Indian AI startup Sarvam just made its boldest move yet in the battle between open and closed artificial intelligence. The Bangalore-based lab unveiled a suite of open-source models - including a massive 105-billion parameter flagship - that directly challenges the closed-source approach dominating the AI industry. The launch signals India's growing ambitions to become a major player in the global AI race, with models specifically optimized for the country's linguistic and cultural complexity.
Sarvam AI just threw down the gauntlet in the open-source versus closed-source AI debate. The Indian artificial intelligence lab unveiled a comprehensive lineup of foundation models at the India AI Impact Summit 2026, headlined by a 105-billion parameter behemoth that rivals models from much larger, better-funded Western competitors.
The release includes two core language models - Sarvam 30B and Sarvam 105B - alongside specialized multimodal capabilities: a text-to-speech system, a speech-to-text transcription model, and a vision model designed specifically for parsing documents in Indian languages. It's an ambitious technical bet that open-source infrastructure can power India's AI transformation without relying on proprietary systems from OpenAI or Anthropic.

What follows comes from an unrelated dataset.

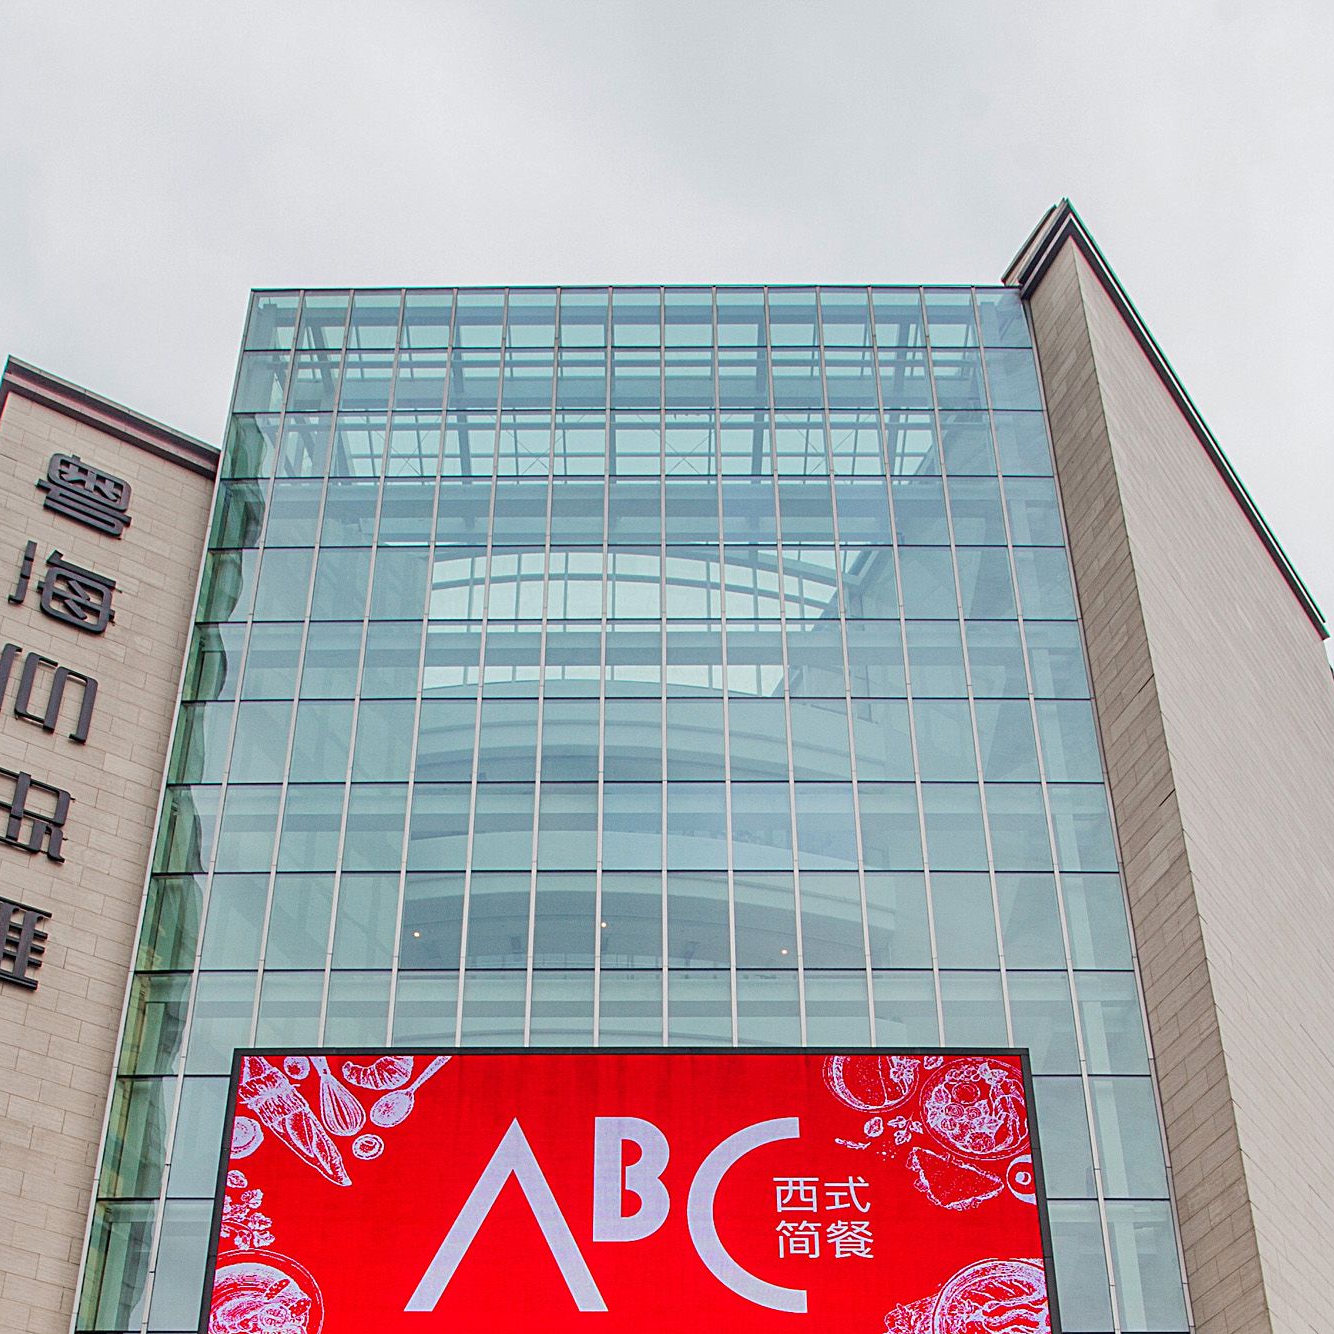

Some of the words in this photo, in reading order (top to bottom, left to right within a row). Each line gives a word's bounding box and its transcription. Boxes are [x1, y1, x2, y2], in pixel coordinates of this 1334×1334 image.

[404, 1116, 808, 1313] ABC
[773, 1176, 872, 1213] 西式
[775, 1220, 875, 1260] 简餐

What makes this launch particularly significant isn't just the model sizes - it's the timing and strategic positioning. While Western AI labs have largely pivoted toward increasingly closed development practices, citing safety concerns and competitive pressures, Sarvam is doubling down on transparency and accessibility. The company's approach mirrors the philosophy that propelled Meta's Llama models to widespread adoption, but with a laser focus on India's unique linguistic landscape.
India's AI ecosystem has been heating up rapidly. The country's massive developer community and relatively lower compute costs have made it an attractive testing ground for open-source AI alternatives. Google recently announced expanded AI infrastructure investments in India, while Microsoft has been quietly building partnerships with Indian enterprises hungry for AI capabilities that work with Hindi, Tamil, Telugu, and dozens of other regional languages.